Buildings will be made safer under government proposals set out today (December 23), including mandating a second staircase for sprinkler systems for new tower blocks and new care homes.

It is the latest move to update the statutory guidelines that underpin building regulations for new buildings to ensure the safety of people who live and work there. The Department for Leveling Up, Housing and Communities will consult on its plans over the next 12 weeks.

It includes imposing regulations on staircases, which means that new tower blocks over 30 meters will require more than one staircase.

The department is also considering making sprinklers mandatory in all new care homes, regardless of height, to improve the safety of vulnerable residents and help firefighters evacuate.

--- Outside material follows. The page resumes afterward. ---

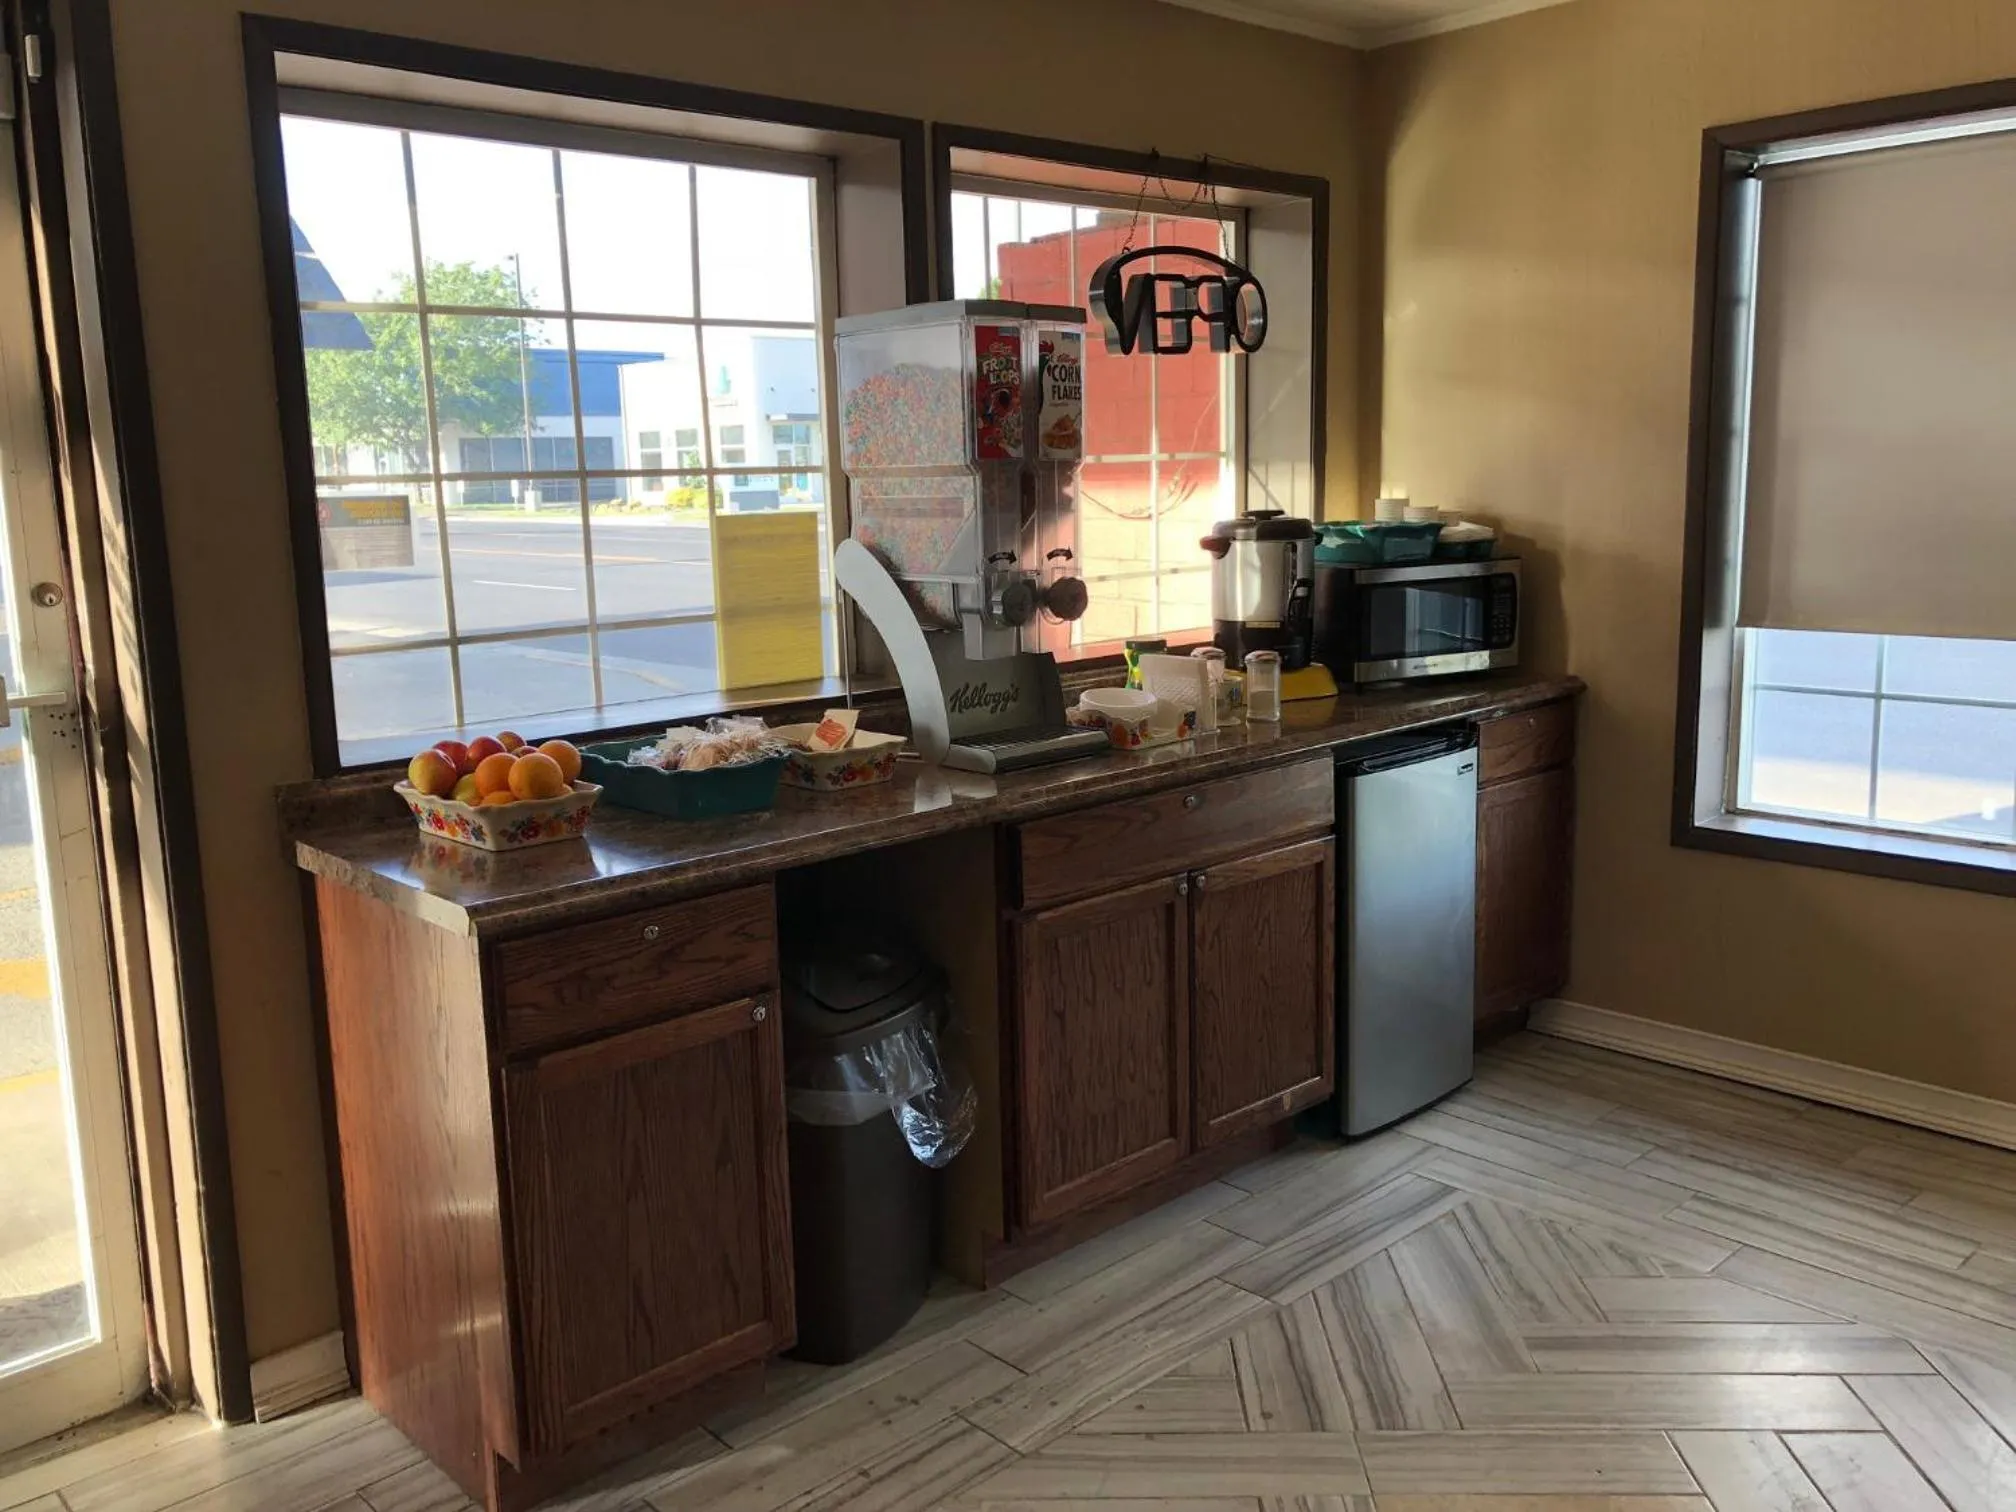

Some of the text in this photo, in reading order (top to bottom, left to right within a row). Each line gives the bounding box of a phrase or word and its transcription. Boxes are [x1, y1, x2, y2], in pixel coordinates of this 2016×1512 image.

[1052, 364, 1081, 382] CORN
[1052, 385, 1081, 401] FLAKES
[950, 682, 1020, 713] Kellogg's

Local Government and Building Safety Minister Lee Rowley said:

There are undoubtedly still lessons to be learned from the Grenfell Tower tragedy and the Department of Housing is committed to working with the sector and residents to find out what more needs to be done to make new homes safer across the country.

The consultation is the next step in the department’s work to improve building regulations and ensure they are as clear and effective as possible.

Other measures considered as part of the consultation include removing references to the National Classification (BS 476) from Approved Document B. This means that the current dual system will end and construction product manufacturers will be required to test their products to British Standards. European standards version.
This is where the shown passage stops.